→ **Aim of the task**:
An image-free, verbatim transcription of the records is the expected result.

+===+

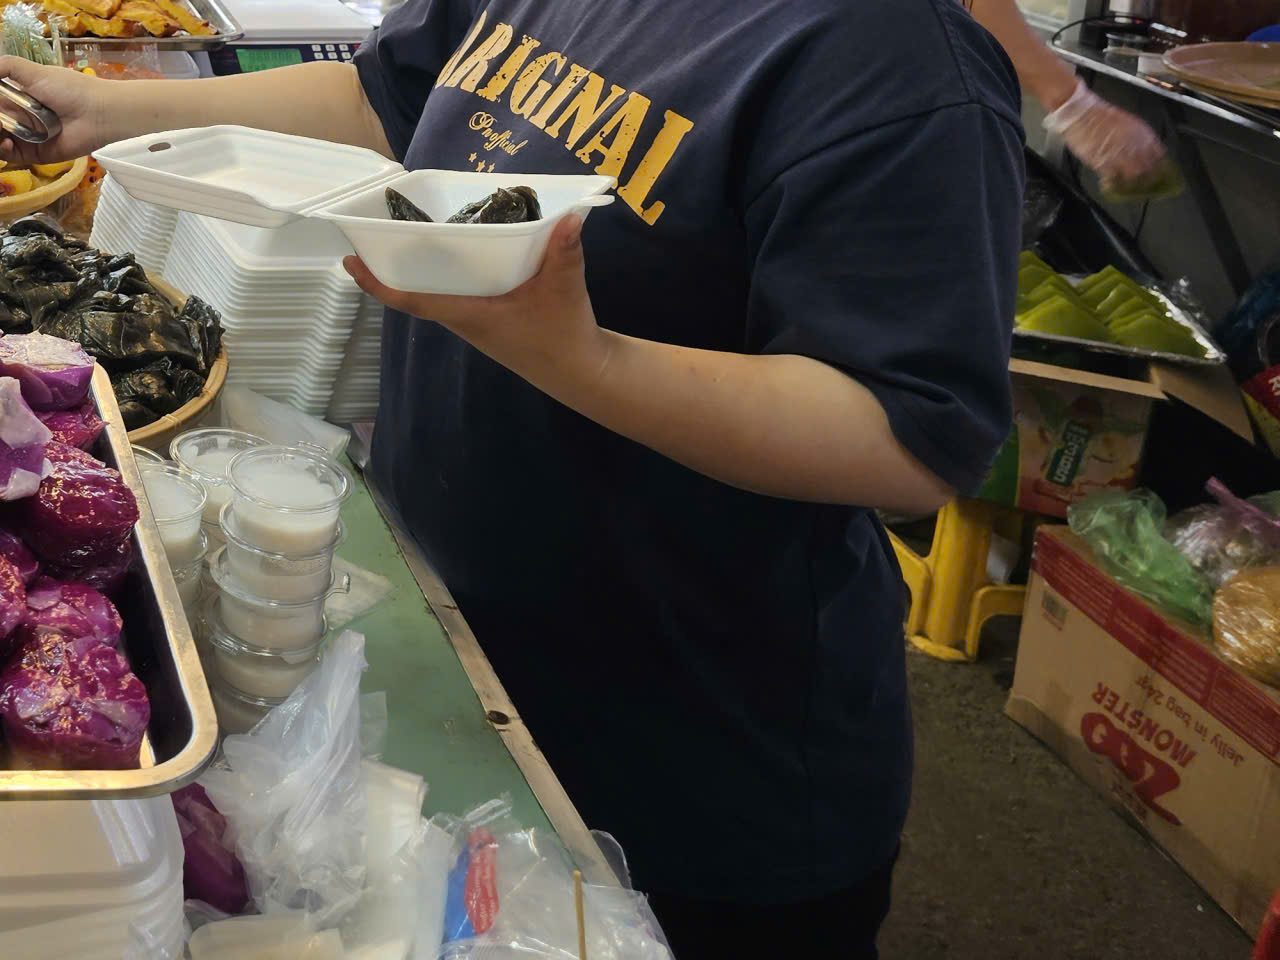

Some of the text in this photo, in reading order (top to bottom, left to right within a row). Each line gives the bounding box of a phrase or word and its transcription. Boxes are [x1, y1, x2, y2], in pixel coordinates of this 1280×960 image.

[1091, 681, 1199, 769] MONSTER
[1166, 696, 1193, 728] bag
[1194, 719, 1209, 741] in
[1210, 733, 1245, 767] Jelly

+===+

→ **Task output**:
Some of the text in this photo, in reading order (top to bottom, left to right within a row). Each line gives the bounding box of a phrase or word and its transcription. Boxes are [x1, y1, x2, y2], in pixel coordinates of this 1280×960 image.

[1091, 681, 1199, 769] MONSTER
[1166, 696, 1193, 728] bag
[1194, 719, 1209, 741] in
[1210, 733, 1245, 767] Jelly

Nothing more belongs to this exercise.